(Data to examine Opens)

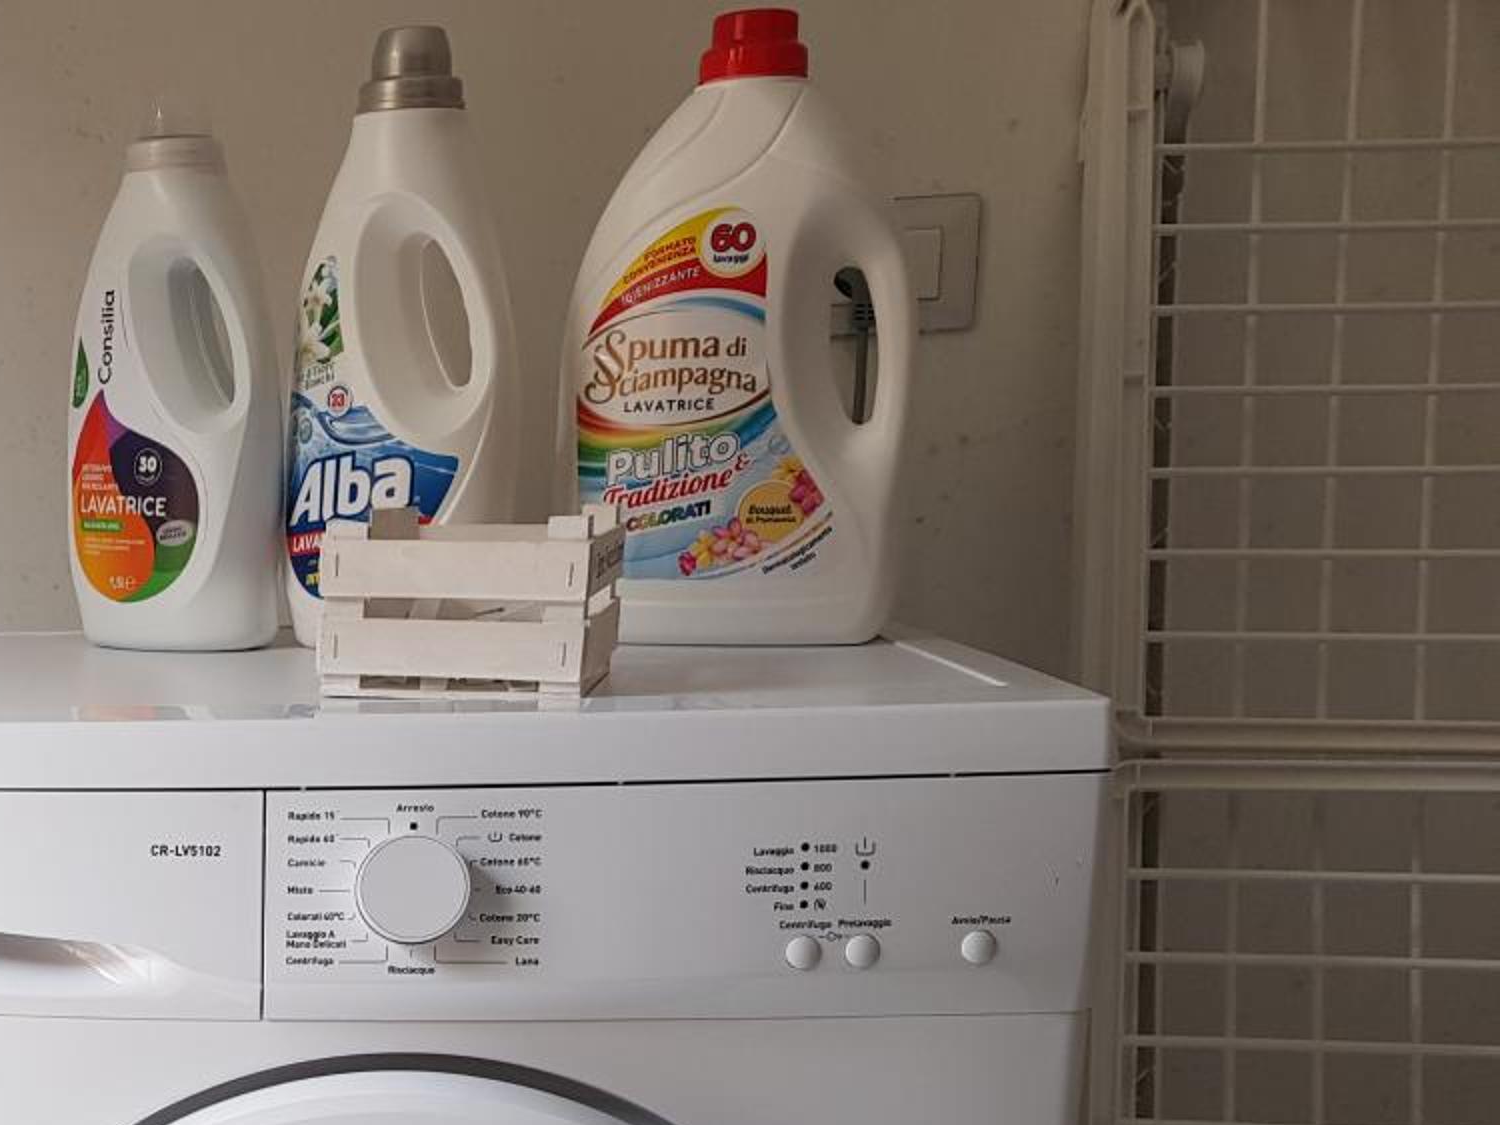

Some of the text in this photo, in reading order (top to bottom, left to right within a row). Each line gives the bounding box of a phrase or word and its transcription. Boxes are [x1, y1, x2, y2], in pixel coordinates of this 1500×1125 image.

[711, 222, 757, 253] 60
[644, 236, 697, 261] FORMATO
[713, 253, 750, 264] lavaggi
[623, 246, 697, 284] CONVENIENZA
[620, 266, 702, 305] IGIENIZZANTE
[97, 289, 116, 385] Consilia
[593, 330, 748, 380] Spuma di
[585, 360, 757, 405] Sciampagna
[624, 398, 715, 414] LAVATRICE
[607, 432, 740, 484] Pulito
[289, 456, 411, 527] Alba
[603, 468, 733, 508] Tradizione
[80, 495, 168, 518] LAVATRICE
[626, 500, 712, 532] COLORATI
[396, 803, 435, 813] Arresto
[480, 809, 516, 819] Cotone
[287, 811, 321, 822] Rapido
[287, 834, 321, 845] Rapido
[508, 832, 543, 843] Cotone
[150, 844, 222, 858] CR-LV5102
[753, 847, 795, 857] Lavaggio
[479, 857, 515, 868] Cotone
[813, 863, 833, 873] 800
[287, 885, 314, 895] Misto
[495, 885, 512, 895] Eco
[745, 881, 833, 895] Centrifuga 600
[773, 901, 795, 912] Fine
[287, 911, 323, 922] Colorati
[479, 912, 514, 923] Cotone
[779, 919, 833, 931] Centrifuga
[286, 929, 336, 942] Lavaggio A
[490, 935, 540, 946] Easy Care
[286, 939, 311, 949] Mano
[285, 956, 335, 968] Centrifuga
[515, 956, 540, 967] Lana
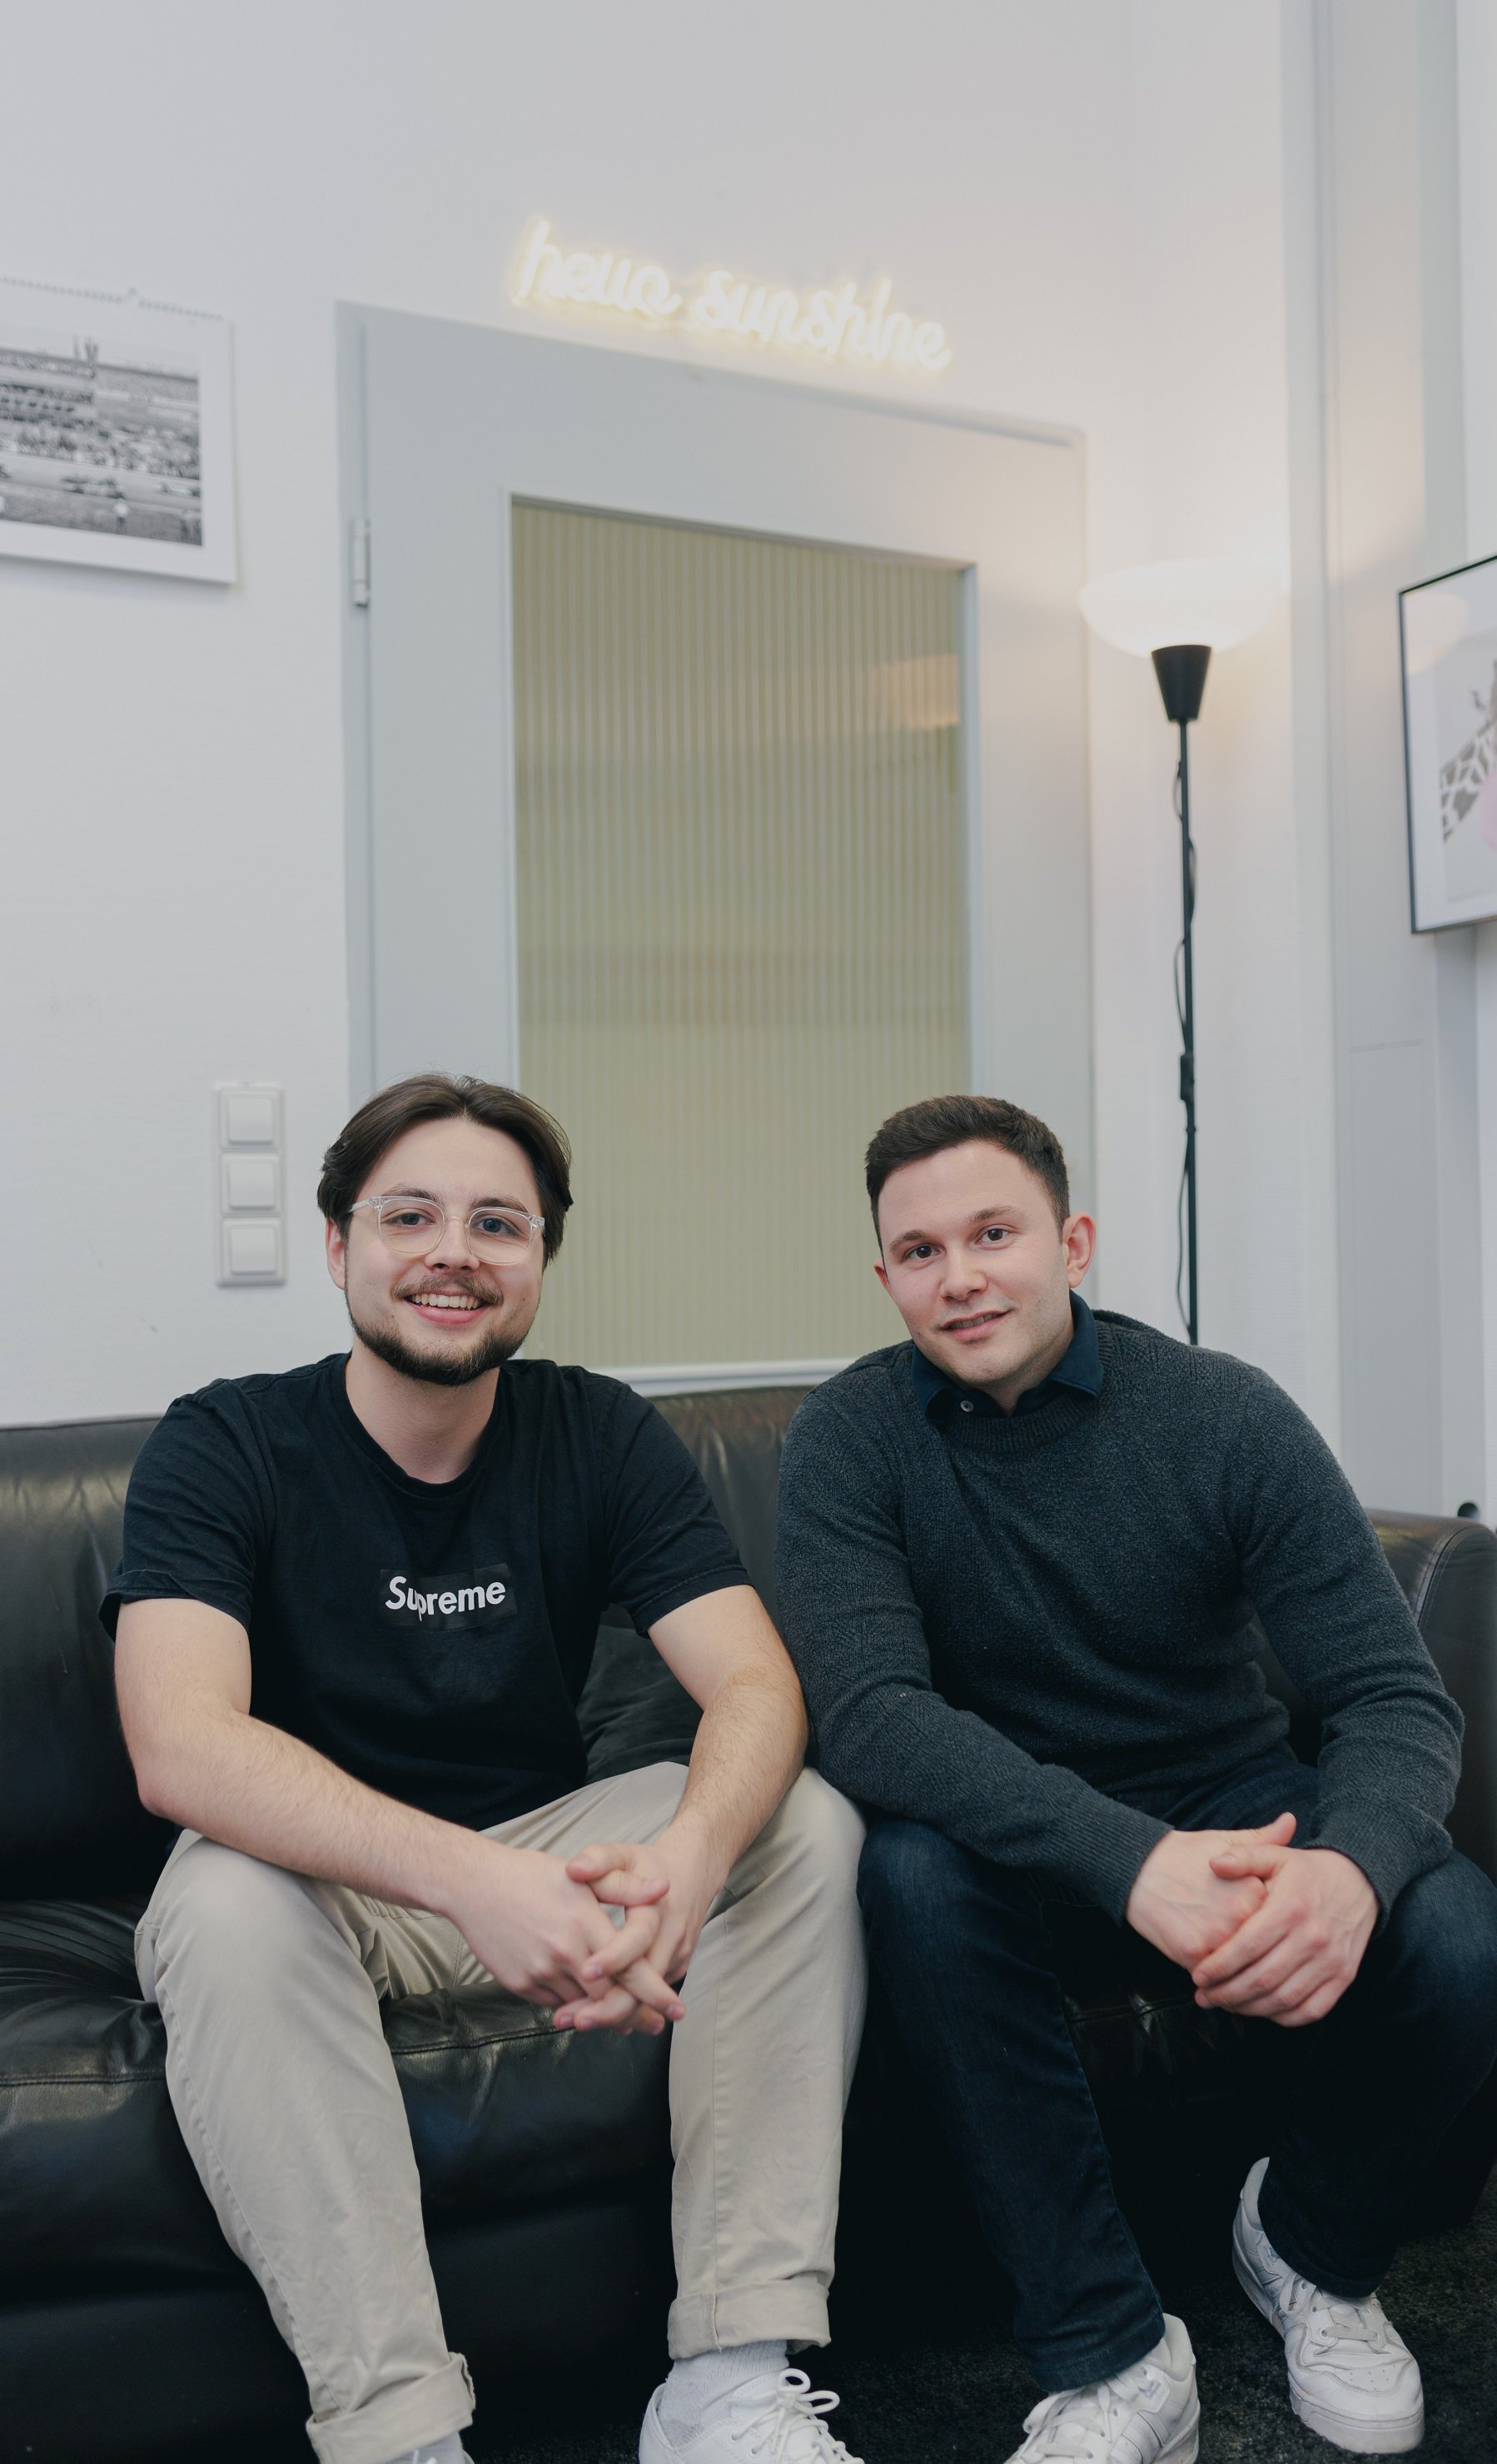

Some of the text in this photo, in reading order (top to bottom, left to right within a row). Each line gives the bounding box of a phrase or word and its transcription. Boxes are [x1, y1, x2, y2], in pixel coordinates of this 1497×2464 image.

(Data to examine Closes)

#### Task requirements
Could you reproduce the entries verbatim, leaving out all pictures?

#### Output of the task
Some of the text in this photo, in reading order (top to bottom, left to right within a row). Each line gives the bounding box of a phrase or word and its transcription. Boxes are [x1, y1, x2, y2], in pixel coordinates of this 1500×1125 image.

[711, 222, 757, 253] 60
[644, 236, 697, 261] FORMATO
[713, 253, 750, 264] lavaggi
[623, 246, 697, 284] CONVENIENZA
[620, 266, 702, 305] IGIENIZZANTE
[97, 289, 116, 385] Consilia
[593, 330, 748, 380] Spuma di
[585, 360, 757, 405] Sciampagna
[624, 398, 715, 414] LAVATRICE
[607, 432, 740, 484] Pulito
[289, 456, 411, 527] Alba
[603, 468, 733, 508] Tradizione
[80, 495, 168, 518] LAVATRICE
[626, 500, 712, 532] COLORATI
[396, 803, 435, 813] Arresto
[480, 809, 516, 819] Cotone
[287, 811, 321, 822] Rapido
[287, 834, 321, 845] Rapido
[508, 832, 543, 843] Cotone
[150, 844, 222, 858] CR-LV5102
[753, 847, 795, 857] Lavaggio
[479, 857, 515, 868] Cotone
[813, 863, 833, 873] 800
[287, 885, 314, 895] Misto
[495, 885, 512, 895] Eco
[745, 881, 833, 895] Centrifuga 600
[773, 901, 795, 912] Fine
[287, 911, 323, 922] Colorati
[479, 912, 514, 923] Cotone
[779, 919, 833, 931] Centrifuga
[286, 929, 336, 942] Lavaggio A
[490, 935, 540, 946] Easy Care
[286, 939, 311, 949] Mano
[285, 956, 335, 968] Centrifuga
[515, 956, 540, 967] Lana

Some of the text in this photo, in reading order (top to bottom, left to right within a row). Each line gives the bounding box of a phrase or word and its transcription. Boxes are [x1, y1, x2, y2], in pixel coordinates of this 1497×2464 image.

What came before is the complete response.